# Exercise aim:
In the copy you make of the entries, no picture should appear, and every word must match.

--------------------------------------------------

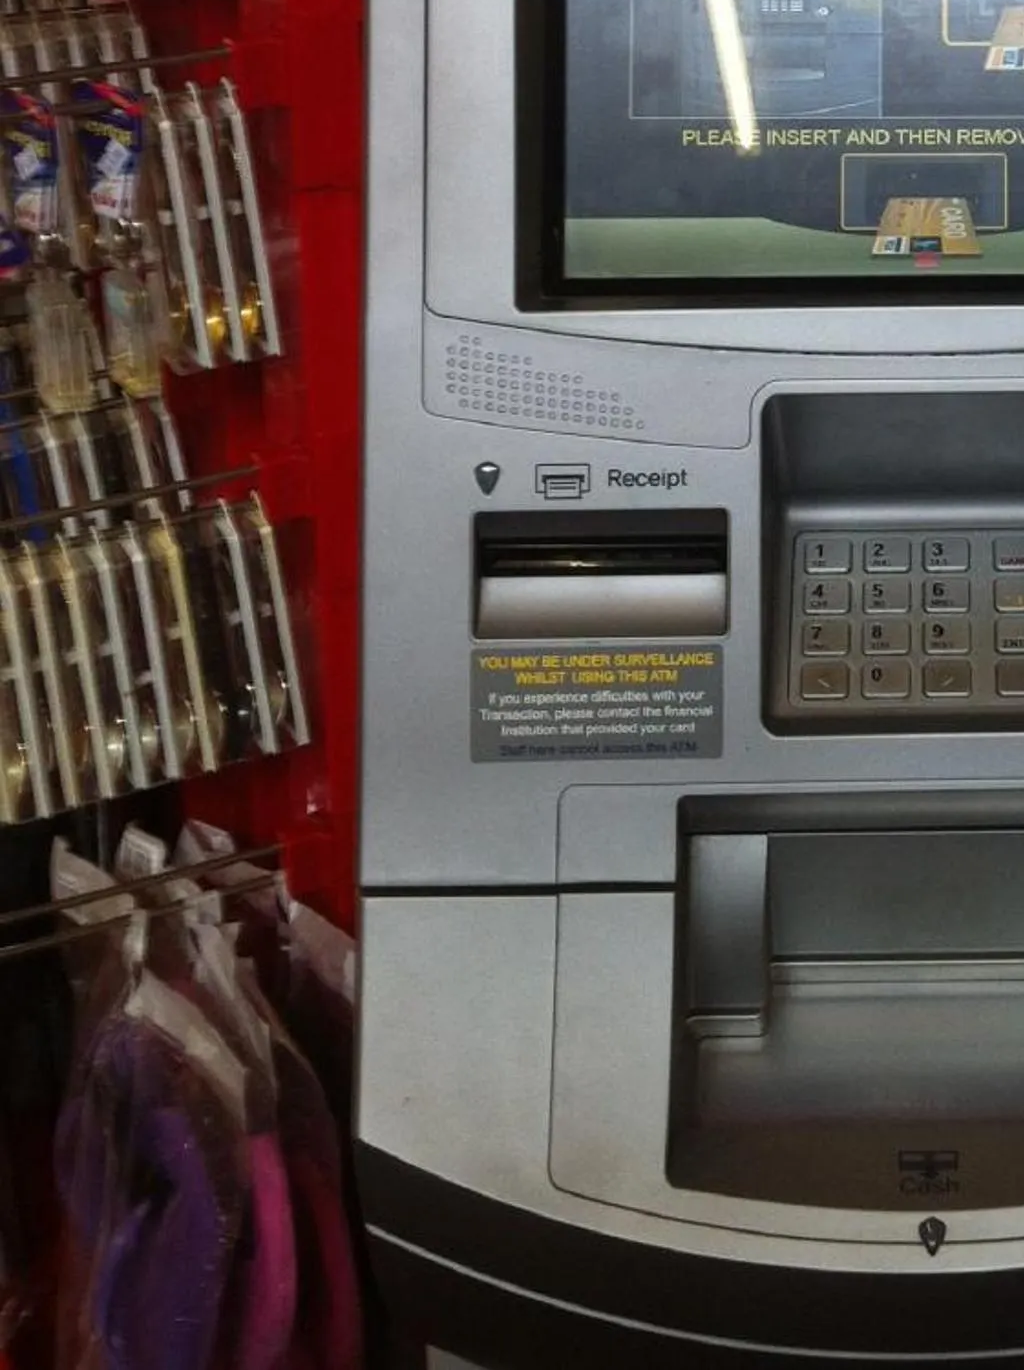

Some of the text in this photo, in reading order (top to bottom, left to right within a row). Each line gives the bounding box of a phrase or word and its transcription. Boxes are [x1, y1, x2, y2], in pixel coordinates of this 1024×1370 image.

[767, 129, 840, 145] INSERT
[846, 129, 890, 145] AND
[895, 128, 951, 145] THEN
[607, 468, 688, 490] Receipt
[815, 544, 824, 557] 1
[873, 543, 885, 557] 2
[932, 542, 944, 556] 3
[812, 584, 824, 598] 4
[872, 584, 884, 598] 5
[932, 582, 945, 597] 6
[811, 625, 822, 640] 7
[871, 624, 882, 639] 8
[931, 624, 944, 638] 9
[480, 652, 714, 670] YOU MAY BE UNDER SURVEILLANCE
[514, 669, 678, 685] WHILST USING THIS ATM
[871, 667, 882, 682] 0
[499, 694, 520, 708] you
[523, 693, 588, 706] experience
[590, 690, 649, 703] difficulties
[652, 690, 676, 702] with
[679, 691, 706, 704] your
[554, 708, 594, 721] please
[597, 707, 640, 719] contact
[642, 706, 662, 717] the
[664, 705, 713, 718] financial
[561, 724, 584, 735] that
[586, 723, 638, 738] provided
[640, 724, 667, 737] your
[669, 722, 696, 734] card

--------------------------------------------------

# Answer box:
Some of the text in this photo, in reading order (top to bottom, left to right within a row). Each line gives the bounding box of a phrase or word and its transcription. Boxes are [x1, y1, x2, y2], in pixel coordinates of this 1024×1370 image.

[767, 129, 840, 145] INSERT
[846, 129, 890, 145] AND
[895, 128, 951, 145] THEN
[607, 468, 688, 490] Receipt
[815, 544, 824, 557] 1
[873, 543, 885, 557] 2
[932, 542, 944, 556] 3
[812, 584, 824, 598] 4
[872, 584, 884, 598] 5
[932, 582, 945, 597] 6
[811, 625, 822, 640] 7
[871, 624, 882, 639] 8
[931, 624, 944, 638] 9
[480, 652, 714, 670] YOU MAY BE UNDER SURVEILLANCE
[514, 669, 678, 685] WHILST USING THIS ATM
[871, 667, 882, 682] 0
[499, 694, 520, 708] you
[523, 693, 588, 706] experience
[590, 690, 649, 703] difficulties
[652, 690, 676, 702] with
[679, 691, 706, 704] your
[554, 708, 594, 721] please
[597, 707, 640, 719] contact
[642, 706, 662, 717] the
[664, 705, 713, 718] financial
[561, 724, 584, 735] that
[586, 723, 638, 738] provided
[640, 724, 667, 737] your
[669, 722, 696, 734] card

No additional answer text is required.